The three major macronutrients, carbs, fats, and protein, are composed of configurations of carbon, hydrogen, and oxygen molecules. Only protein contains nitrogen, however. Early research confirmed the necessity of protein through a cruel experiment: dogs eating food lacking nitrogen became sick and quickly died. That’s how they realized protein is an essential building block of life. Following this research, Liebeg officially launched his Extract of Meat in 1865, which Belluz and Hall write laid the “enduring template for rushing to market with untested nutrition ideas.”
Here’s how the explain it:
Let’s be clear: Liebig’s errors still distort the way many of us think about nutrition, even now. Eating vast quantities of protein is not necessarily useful, or even beneficial, to health. We certainly do not need to derive our protein from meat. Consuming extra protein alone will not build muscle, nor is protein what powers muscles. Contrary to Liebig’s theory, the other two macronutrients, carbohydrates and fat, provide almost all of the energy necessary for both the physical and chemical work of life. So carbs and fat, not protein, are the main fuels for the metabolic reactions we learned about in the last chapter. On an essential protein fact, however, Liebig was correct: Protein is the stuff in food that builds and repairs us, or as he’d apparently put it, ‘the stuff of life itself.’

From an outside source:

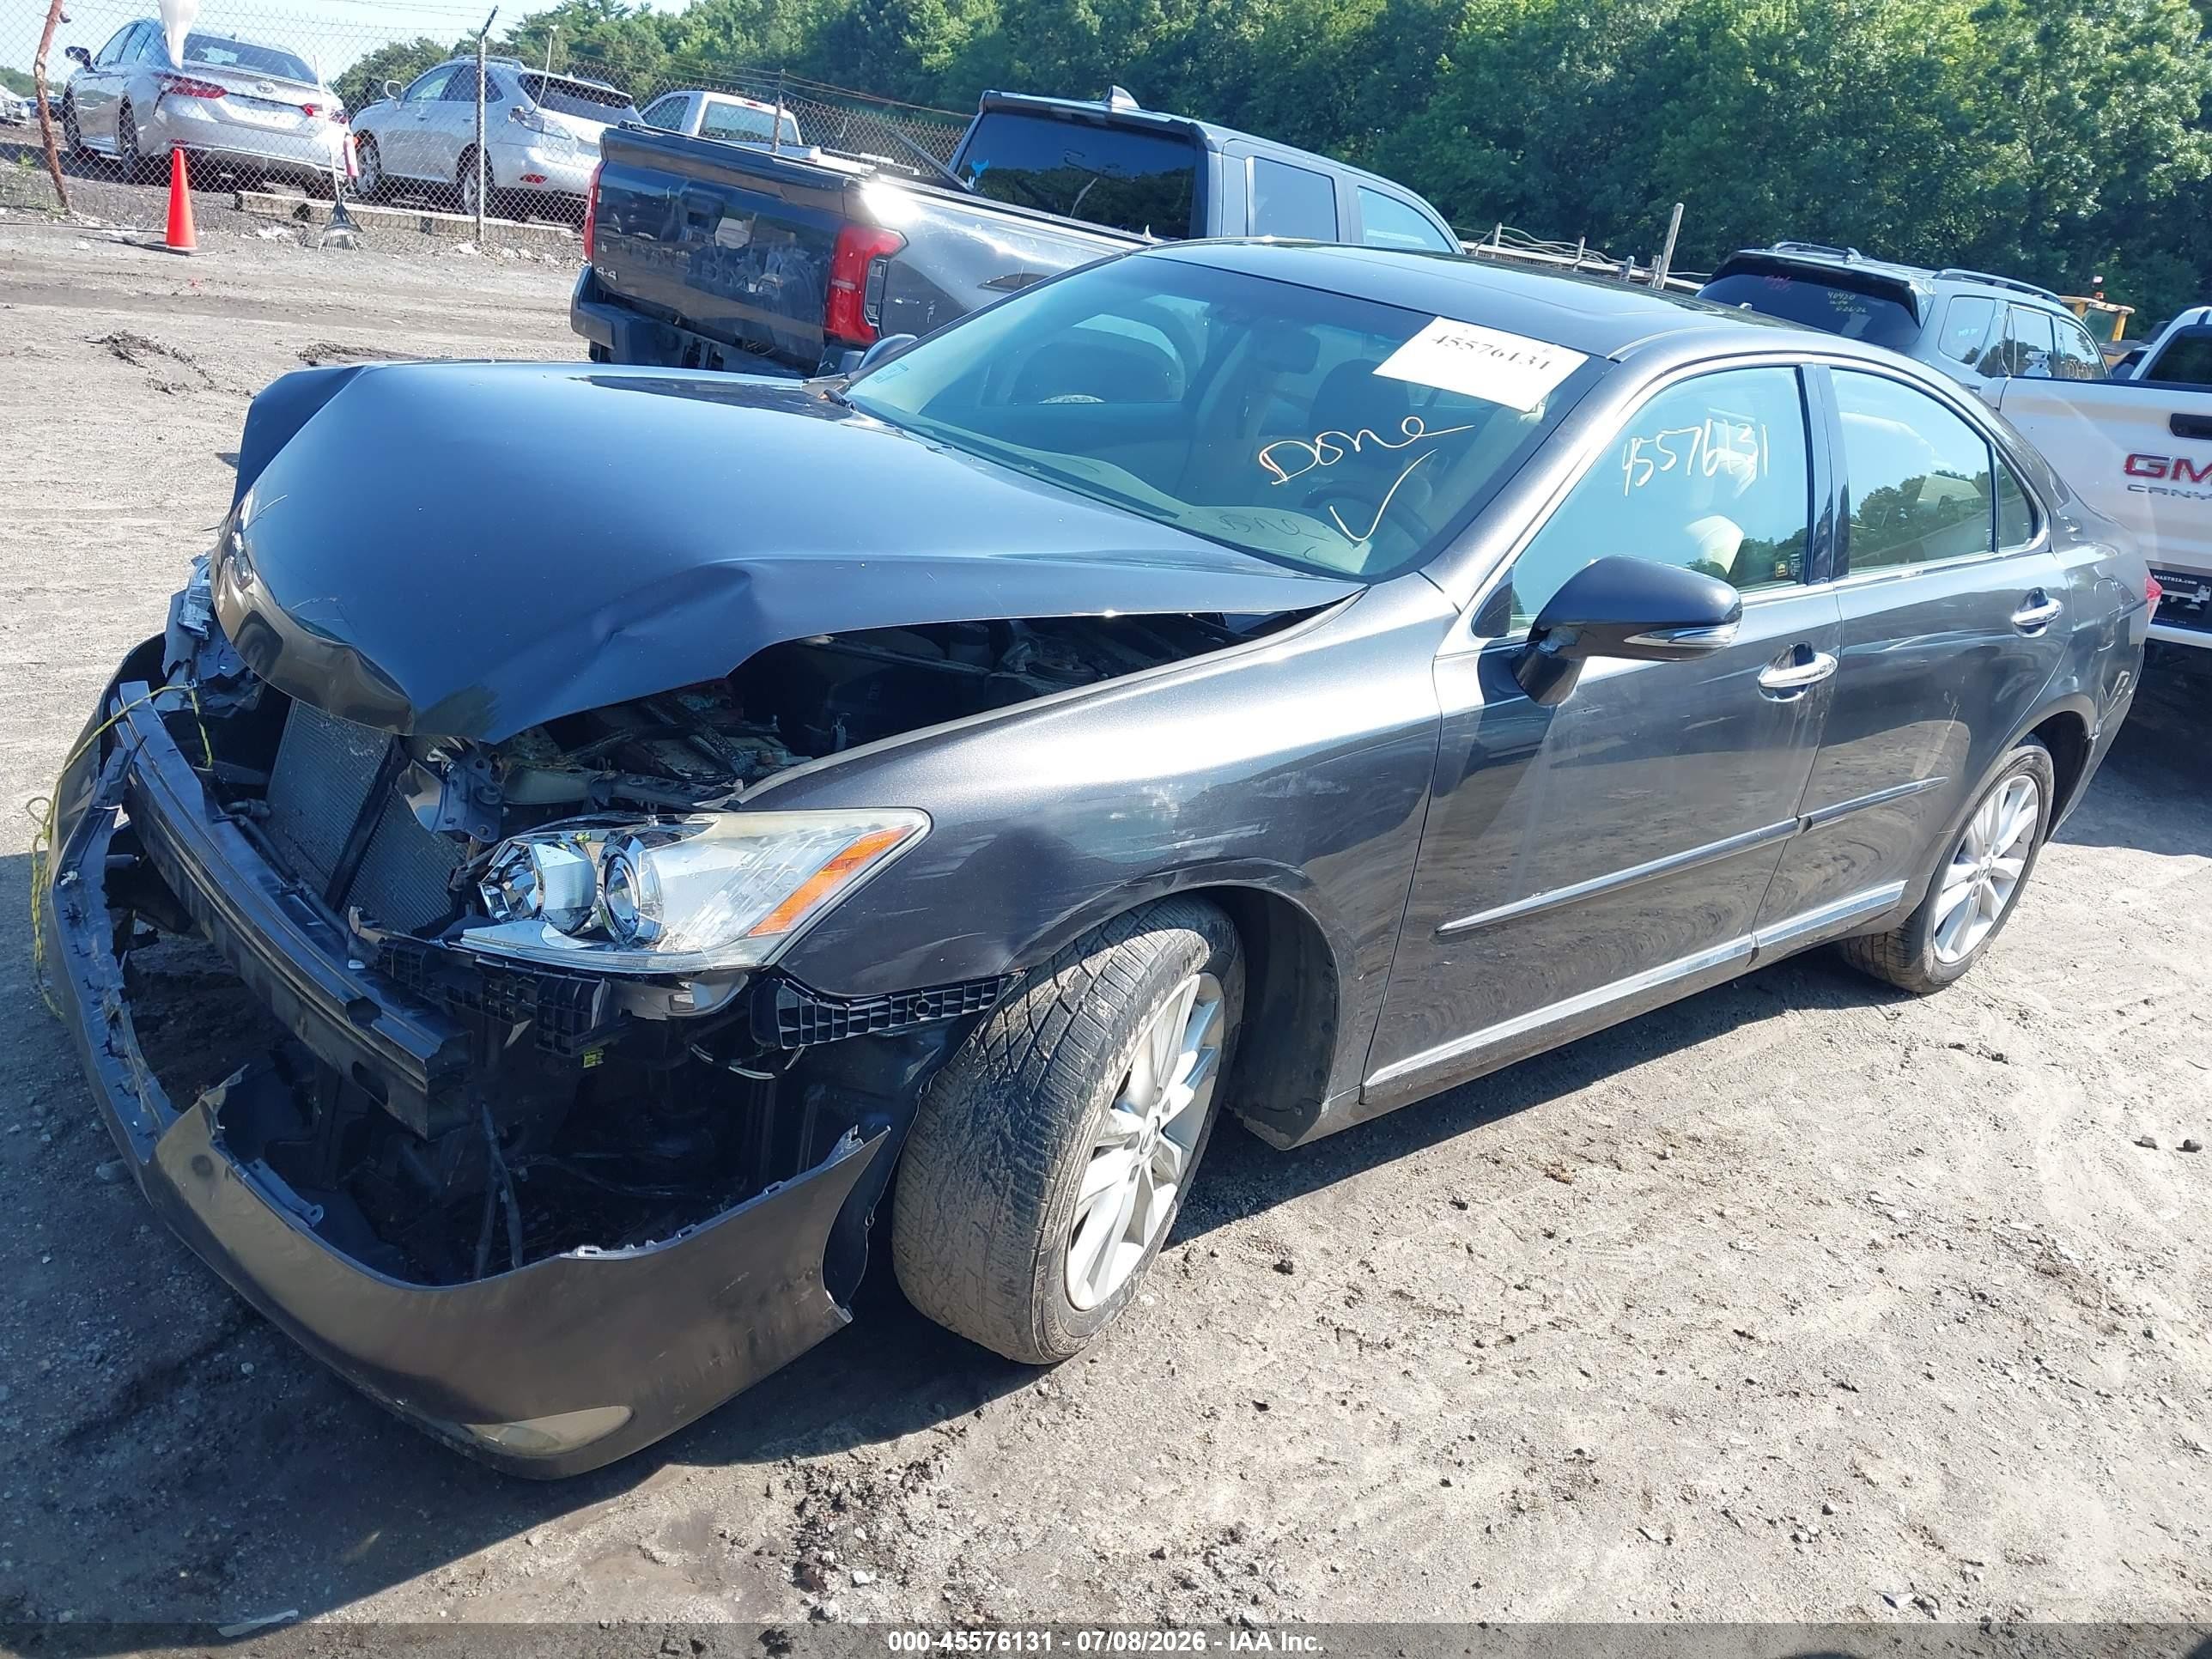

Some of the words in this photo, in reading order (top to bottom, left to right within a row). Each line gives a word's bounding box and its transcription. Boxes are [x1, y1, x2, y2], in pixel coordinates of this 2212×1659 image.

[1431, 333, 1551, 370] 45576131
[1258, 416, 1476, 485] Done
[1622, 417, 1769, 497] 45576131

They cover a lot more about protein and are clear that certain groups of people are lacking in protein and need supplementation. This is categorically different from influencer culture.
They then turn to the other two macros, because they’ve also been implicated in a lot of nutrition myths: namely, carbs bad, fats very very good. The whole keto trend that I fell into about 15 years ago is part of that nonsense; thanks Dave Asprey and your coconut oil ketones.

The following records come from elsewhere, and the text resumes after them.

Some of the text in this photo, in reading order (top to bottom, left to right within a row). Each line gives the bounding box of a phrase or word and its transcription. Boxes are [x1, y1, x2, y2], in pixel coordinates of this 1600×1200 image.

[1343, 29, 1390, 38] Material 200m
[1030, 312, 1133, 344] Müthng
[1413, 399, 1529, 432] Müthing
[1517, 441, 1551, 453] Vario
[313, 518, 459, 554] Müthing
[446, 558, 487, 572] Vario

The authors dove into the literature and discovered something fascinating: people on low-carb and low-fat diets both lost similar amounts of weight. How could that be if one macro was superior to the other? Well, they write,
Carbohydrates and fats are practically interchangeable fuels for the body, and we seem to be incredibly adaptable to using almost any combination.
They don’t write off ketogenic diets. In fact, they show promise for managing type 2 diabetes. Emerging research on low fat diets impact on the body’s innate immune system might unlock new information. These are exciting areas of study, but they have not yet proven anything, and if you’re trying to lose weight all the hype might only lead to more confusion.

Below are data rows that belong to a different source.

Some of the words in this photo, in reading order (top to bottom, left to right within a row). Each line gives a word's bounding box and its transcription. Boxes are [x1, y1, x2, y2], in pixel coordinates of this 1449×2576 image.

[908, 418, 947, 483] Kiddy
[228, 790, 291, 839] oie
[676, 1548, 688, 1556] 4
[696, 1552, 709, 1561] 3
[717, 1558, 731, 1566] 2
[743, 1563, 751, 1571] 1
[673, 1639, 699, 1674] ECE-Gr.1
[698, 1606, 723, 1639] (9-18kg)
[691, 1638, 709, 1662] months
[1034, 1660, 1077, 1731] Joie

Speaking of weight, I’ve often spoken about my 15-year struggle with the eating disorder known as orthorexia. I’ve long pushed back against the notion that being overweight is a moral or individual failing. And the authors of Food Intelligence provide plenty of evidence for this.
First, they note that “the neurobiology of people who have obesity variants is different from that of people without them.” They then spend a lot of pages discussing the food environment. In some ways, you’d think they were rehashing MAHA arguments, until you realize the reference material is from years or decades predating Kennedy and crew. I remember reading about how tobacco companies purchased food conglomerates and reengineered food products to be more appealing to consumers some 20 years ago. This information has been out there for some time. MAHA is right to call it out, but they’re wrong to put the onus of the problems on individuals.
Let me unpack that. They’re wrong to pretend that individuals can hack their biology and simply lose weight. Kennedy’s tenure is proving even more dangerous to our health than his predecessors. He’s gutting agencies actually studying chronic diseases. He fired many people researching these problems. Along with Brooke Rollins at the USDA, he’s kicking millions of people off SNAP benefits for supposed fraud, and will soon be kicking thousands of stores off the SNAP benefits list if they don’t spend millions of dollars to change their food offerings.
Does he address the root cause? In this case, that it’s the supply chain and infrastructure that needs to be updated in order for those stores to stock healthier foods? No at all.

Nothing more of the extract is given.